★報告会参加者に行程ラインを書き込んだ7枚の手作りの地図が配布された。この日のテーマとなった2000年から2005年にかけての行動が、そこから浮かび上がってくるので記録として添付する。(E)? 00年8月8日〜8月17日 サハリン縦断(1085キロ)
? 00年9月3日〜9月18日 韓国一周(3150キロ)
? 01年5月31日〜6月9日 ソウル−北朝鮮(750キロ)
? 02年6月26日〜8月15日 ユーラシア大陸横断(16000キロ)
? 03年9月25日〜10月4日 中国・北朝鮮国境行(2600キロ)
? 04年9月21日〜10月19日 中国東北部(旧満州 6216キロ)
? 05年10月9日〜10月15日 韓国縦断(1178キロ)
賀曽利隆氏は、全国に熱烈な「カソリック教徒」を持つことで知られる。1月の報告会にも教徒、いや京都からそういうひとり、帰山(かえりやま)和明さんが日帰りで駆けつけた。37才のカソリ追っかけ人に、感想を書いてもらった。(E)

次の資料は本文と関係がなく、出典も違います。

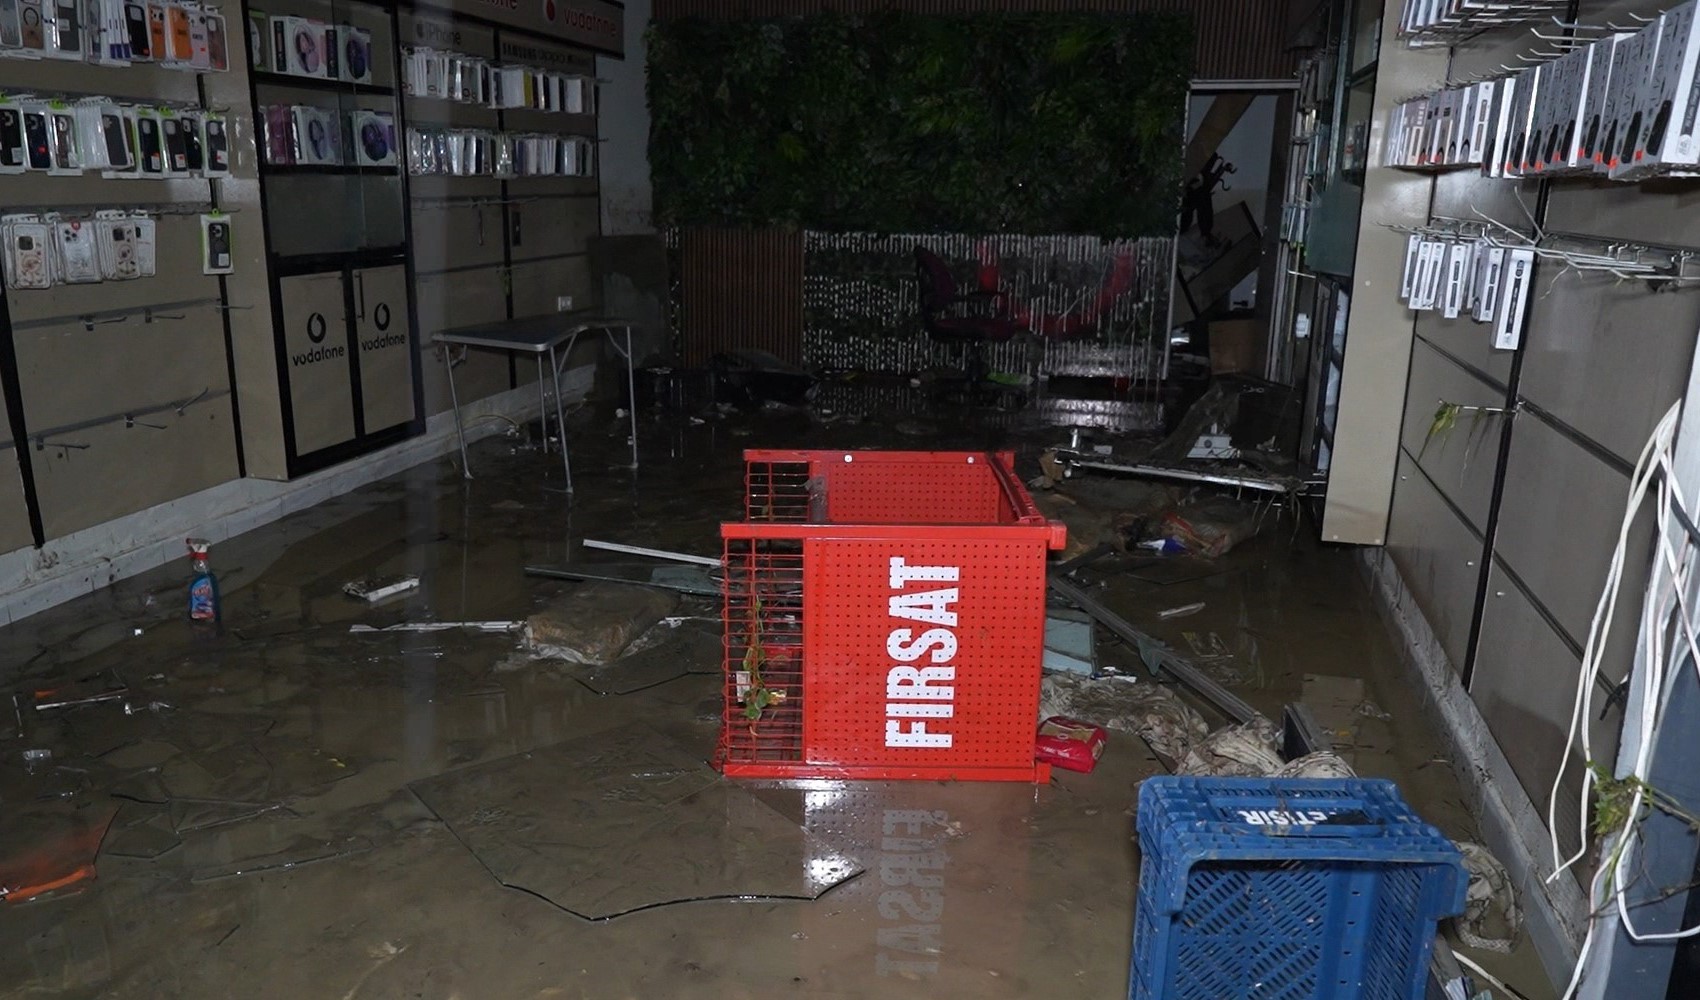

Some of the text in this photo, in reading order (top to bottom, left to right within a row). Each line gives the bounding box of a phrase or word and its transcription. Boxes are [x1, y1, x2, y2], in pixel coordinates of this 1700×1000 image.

私は現在フリーター。賀曽利さんの“追っかけ”歴はまだまだ15年くらいです。賀曽利さんと言えば、常に世界のどこかで走り続けていらっしゃるというイメージ。報告会を聞きに東京まで日帰りで往復。朝9時過ぎ京都駅を新幹線で発ち、正午前品川着。知り合いが店長をしている埼玉県熊谷のバイク屋さんまで往復してから報告会の会場に早めに着きました。
◆氏を初めて知ったのは、昭和61年秋のバイク雑誌「アウトライダー」でのインタビューでです。「峠越え」の話でした。その個性に強烈にひかれた私は、以後追っかけ人になりました。平成4年には山梨方面でのツーリングを一緒に走らせてもらい、そのパワーを思い知りました。賀曽利さんは林道での走りがとてもスマートで、それでいて速いんです。温泉での行動も素早く、温泉ハシゴの真髄を垣間見ました。

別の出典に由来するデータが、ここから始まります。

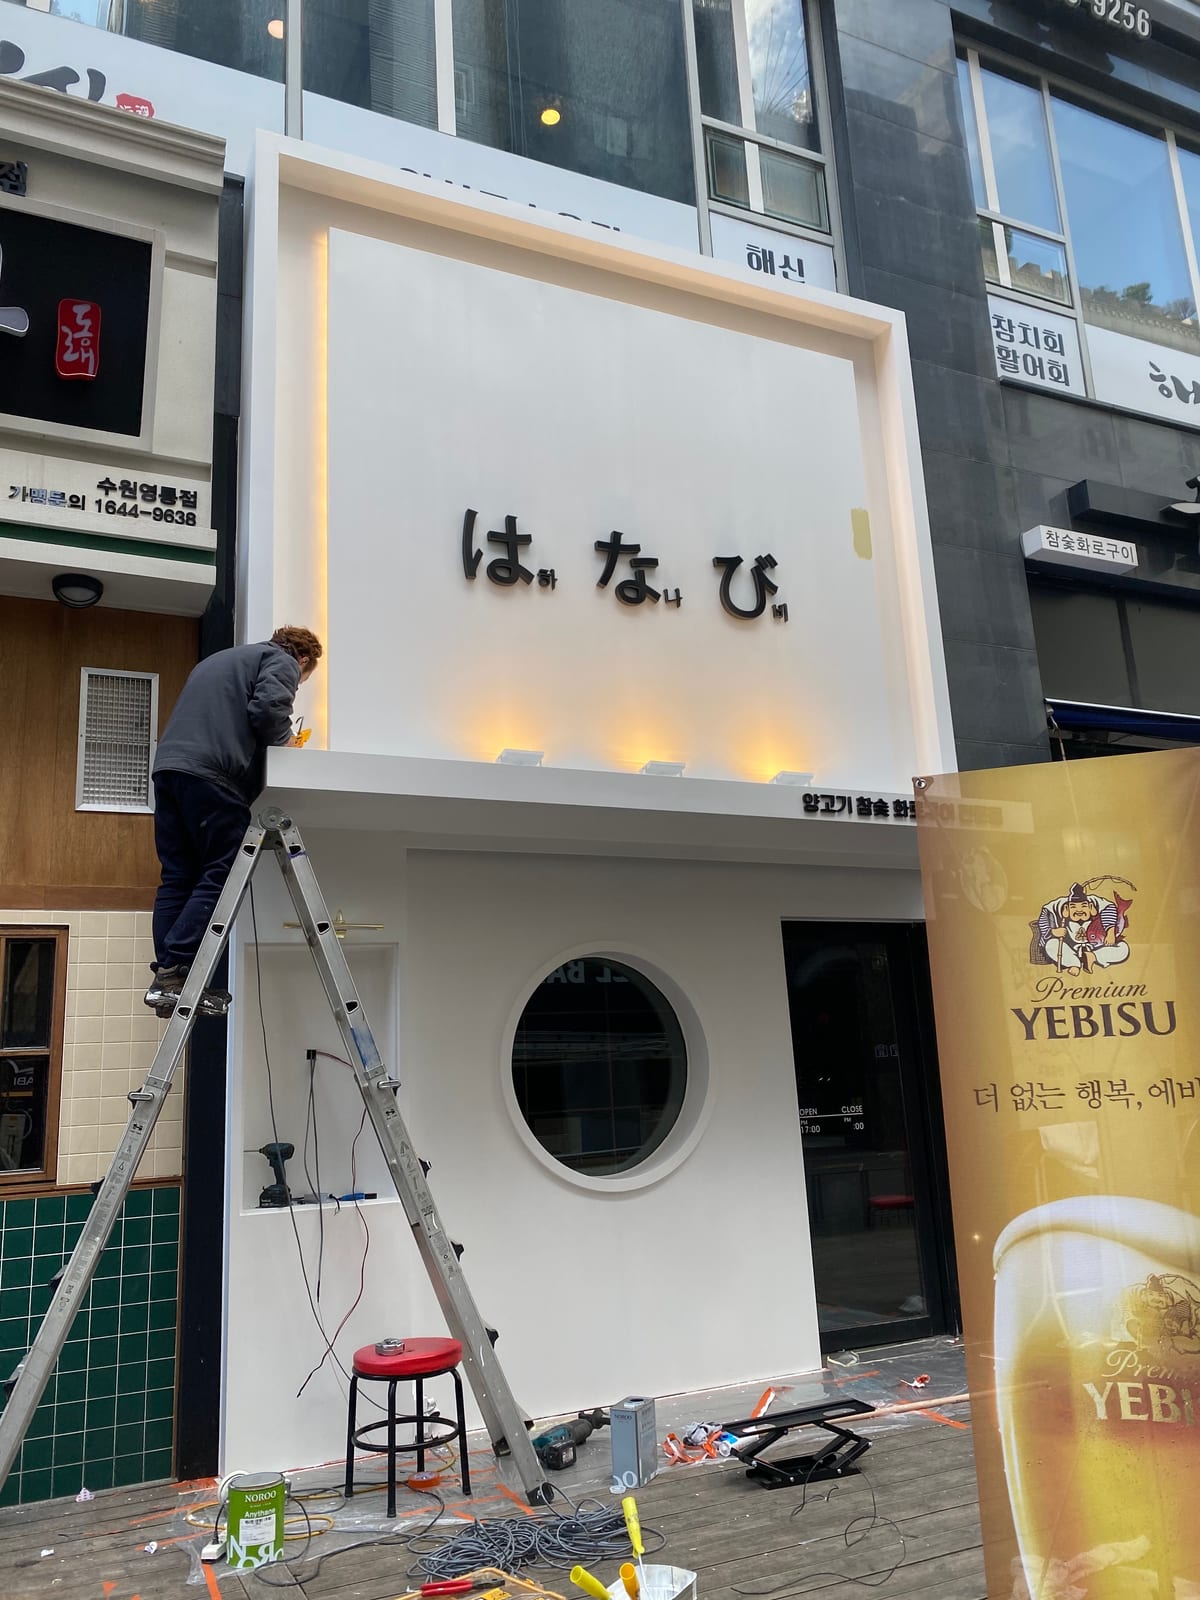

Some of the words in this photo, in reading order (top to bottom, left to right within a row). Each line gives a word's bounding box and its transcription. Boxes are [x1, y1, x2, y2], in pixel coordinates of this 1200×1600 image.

[746, 244, 806, 284] 해신
[992, 314, 1065, 356] 참치회
[996, 345, 1070, 386] 활어회
[97, 477, 198, 509] 수원영통점
[95, 499, 197, 527] 1644-9638
[1046, 530, 1135, 563] 참숯화로구이
[802, 793, 853, 815] 양고기
[856, 796, 890, 817] 참숯
[1031, 976, 1148, 1003] Premium
[1011, 1001, 1177, 1041] YEBISU
[799, 1108, 818, 1116] OPEN
[841, 1105, 863, 1114] CLOSE
[973, 1083, 999, 1113] 더
[1010, 1082, 1066, 1112] 없는
[1075, 1079, 1143, 1111] 행복,
[1083, 1382, 1200, 1426] YEBI
[244, 1490, 277, 1503] NOROO

◆カソリさんの著書を28冊持っています。(ただし、何故か実は殆ど読破できていません)。カソリさんの印象を一口で言えば「人を明るくさせるプロフェッショナル」でしょうか。ほんとに生きる元気を分けてもらう、という感じです。そして、旅することの素晴らしさを教えてもらいました。定期的な日本一周を賀曽利さんは計画されました。私には到底無理としてもせめて休みの日ぐらいはツーリングしたい。そのためには、最低限のお金があればよい。「清貧こそソロツーリング」。一人旅というのは非日常、自分の全感覚、全知識を総動員し行動するという総合的な人間の能力を問われるものであると思います。賀曽利さん曰く「孤独と闘い、孤独を楽しむ。そして、行く先々のひととのふれあいを大切にすればソロツーリングも10倍も楽しくなる!」「郷に入らば郷に従え」=「一番面白い旅は、現地食を喰うこと」・生涯旅人、もっと自由に・もっと遠くへ。
◆温泉のカソリ、峠のカソリ、食文化研究家のカソリ、美人評論家のカソリ、…さらに肩書きは増えていくことでしょう。人間、その気になれば、なんだってできる。夢に向かって、突き進んでいる時は、自分の持っている力以上のものが出てくる。そんなことを感じながら、22時50分発の夜行バスで新宿を出ました。二次会も、喉から手が出るほど行きたかったのですが、翌日は朝から勤務だったので。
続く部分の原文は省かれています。